We’ve just released our Utility Pulse study showing the continued decline in consumer participation in energy efficiency. In fact, we’re so concerned about this downward trend, we’re hosting an entire webinar on it next Thursday. Yesterday I was interviewed about this topic and the interviewer said, “I haven’t heard or read much published about this downward trend, is this new?”
The answer is, “No.”
For the last three years, we’ve seen a decline in interest and intention to purchase in every single energy-efficient product category we test. Self-reporting of completed EE improvements is down as well (the graph above is one of three from Utility Pulse demonstrating what we’re seeing). In our digging for actual sales figures of energy-efficient products, we see a similar story, though not as drastic. Bottom line: Every data point we have says the energy efficiency business is down.
Yesterday in the interview I was asked, “What do we do about it?” The answer is two-fold, and it’s a big part of what I’ll be talking about in our webinar:
1. You have to help them see they have a problem. Eighty percent of Americans don’t think they use more energy today than they did five years ago, and roughly half think their homes are already energy efficient. Forgive the analogy, but you can’t get an alcoholic to an AA meeting if he doesn’t think he has a problem. We’re simply not going to get Americans to buy energy-efficient products and change their behaviors if they can’t see that there’s a problem.

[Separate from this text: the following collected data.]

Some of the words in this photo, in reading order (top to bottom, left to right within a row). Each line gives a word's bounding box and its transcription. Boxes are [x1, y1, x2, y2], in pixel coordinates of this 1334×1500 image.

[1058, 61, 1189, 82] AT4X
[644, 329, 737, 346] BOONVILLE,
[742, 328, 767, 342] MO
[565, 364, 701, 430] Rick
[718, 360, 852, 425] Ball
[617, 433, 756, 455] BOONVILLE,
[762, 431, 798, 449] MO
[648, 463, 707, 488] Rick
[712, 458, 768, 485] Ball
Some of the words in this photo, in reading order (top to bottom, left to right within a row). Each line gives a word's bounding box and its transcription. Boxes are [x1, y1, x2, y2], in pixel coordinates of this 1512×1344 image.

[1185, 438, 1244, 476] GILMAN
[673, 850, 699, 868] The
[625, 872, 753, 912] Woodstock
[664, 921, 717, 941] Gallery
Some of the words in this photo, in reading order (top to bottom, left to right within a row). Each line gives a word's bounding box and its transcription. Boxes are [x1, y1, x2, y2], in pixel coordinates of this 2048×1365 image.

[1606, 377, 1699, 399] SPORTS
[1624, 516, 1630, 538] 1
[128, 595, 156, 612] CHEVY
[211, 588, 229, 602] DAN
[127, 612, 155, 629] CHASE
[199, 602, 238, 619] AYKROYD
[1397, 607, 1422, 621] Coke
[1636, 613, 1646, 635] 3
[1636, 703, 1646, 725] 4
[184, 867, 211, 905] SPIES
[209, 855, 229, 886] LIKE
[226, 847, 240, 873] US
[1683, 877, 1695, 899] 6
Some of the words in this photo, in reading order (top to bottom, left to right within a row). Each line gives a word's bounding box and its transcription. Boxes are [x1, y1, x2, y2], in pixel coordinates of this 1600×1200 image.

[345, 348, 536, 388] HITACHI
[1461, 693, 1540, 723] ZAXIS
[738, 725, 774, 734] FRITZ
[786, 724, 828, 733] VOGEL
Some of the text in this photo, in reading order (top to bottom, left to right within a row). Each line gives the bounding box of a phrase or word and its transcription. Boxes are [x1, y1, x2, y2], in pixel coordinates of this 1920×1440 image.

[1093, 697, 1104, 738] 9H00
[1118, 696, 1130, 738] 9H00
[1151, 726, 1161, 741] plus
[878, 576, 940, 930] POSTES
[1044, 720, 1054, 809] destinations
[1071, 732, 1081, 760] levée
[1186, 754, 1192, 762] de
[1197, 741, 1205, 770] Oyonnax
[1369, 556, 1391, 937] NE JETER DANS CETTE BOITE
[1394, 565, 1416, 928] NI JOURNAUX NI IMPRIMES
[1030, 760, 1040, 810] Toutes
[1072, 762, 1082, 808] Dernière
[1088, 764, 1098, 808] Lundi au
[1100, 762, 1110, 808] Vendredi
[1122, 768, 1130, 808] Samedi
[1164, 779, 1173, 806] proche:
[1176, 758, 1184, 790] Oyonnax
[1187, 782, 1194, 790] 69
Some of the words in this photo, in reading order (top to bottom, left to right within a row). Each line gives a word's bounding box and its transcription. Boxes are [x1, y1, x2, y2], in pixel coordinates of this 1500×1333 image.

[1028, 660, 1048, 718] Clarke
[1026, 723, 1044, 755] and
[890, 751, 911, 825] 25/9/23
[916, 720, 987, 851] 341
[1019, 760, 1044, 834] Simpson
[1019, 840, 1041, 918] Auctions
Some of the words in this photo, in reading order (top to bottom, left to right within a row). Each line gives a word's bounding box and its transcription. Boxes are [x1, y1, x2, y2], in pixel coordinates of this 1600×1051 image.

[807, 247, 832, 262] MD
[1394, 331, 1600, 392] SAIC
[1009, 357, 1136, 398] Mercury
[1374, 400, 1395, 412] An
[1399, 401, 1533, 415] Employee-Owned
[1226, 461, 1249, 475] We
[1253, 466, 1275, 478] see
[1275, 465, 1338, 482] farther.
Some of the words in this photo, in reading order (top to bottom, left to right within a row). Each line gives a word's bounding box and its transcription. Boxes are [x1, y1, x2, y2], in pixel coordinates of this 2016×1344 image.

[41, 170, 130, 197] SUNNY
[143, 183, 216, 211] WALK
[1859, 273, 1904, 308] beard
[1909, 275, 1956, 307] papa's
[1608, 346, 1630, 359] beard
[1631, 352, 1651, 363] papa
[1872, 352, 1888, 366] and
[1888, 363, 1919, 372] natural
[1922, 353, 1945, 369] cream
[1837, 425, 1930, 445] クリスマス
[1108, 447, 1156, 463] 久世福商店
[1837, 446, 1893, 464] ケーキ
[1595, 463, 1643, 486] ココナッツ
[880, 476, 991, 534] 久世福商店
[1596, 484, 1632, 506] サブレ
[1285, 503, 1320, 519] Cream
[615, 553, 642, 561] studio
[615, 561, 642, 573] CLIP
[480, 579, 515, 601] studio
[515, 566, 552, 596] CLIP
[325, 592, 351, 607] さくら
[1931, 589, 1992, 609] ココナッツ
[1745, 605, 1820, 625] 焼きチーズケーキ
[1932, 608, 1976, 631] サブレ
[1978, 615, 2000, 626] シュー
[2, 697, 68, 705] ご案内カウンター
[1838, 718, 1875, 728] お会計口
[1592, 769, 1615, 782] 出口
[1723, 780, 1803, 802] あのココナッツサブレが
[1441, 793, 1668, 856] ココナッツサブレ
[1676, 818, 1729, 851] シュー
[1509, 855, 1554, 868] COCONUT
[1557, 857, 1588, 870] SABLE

2. We have to show them a new, empowered reality. You might ask, “How can they not see they have a problem?” Well, there is a reality that in some parts of the country, the winter was mild and low natural gas prices are actually driving rates down … so there may not be an actual bill increase problem right now. But also, most consumers feel totally helpless and hopeless when it comes to their utility bills. Over and over and over, we’ve heard Americans say, “It doesn’t matter what I do, the utility’s just going to keep jacking up their rates and charging me whatever they want. So why bother?” Programs like Opower help create a new reality by changing the game. Instead of comparing a consumer’s usage to their past performance or some misremembered number they have in their minds, they compare them to an outside force and create competition, which can catapult some people out of that helpless, victim place.
Bottom line: We have to stop marketing the drill and start marketing the hole. When we wake people up to a problem, offer them ways they can actually solve it and wrap all of that in benefits they actually care about, we’ll see the industry get back on track.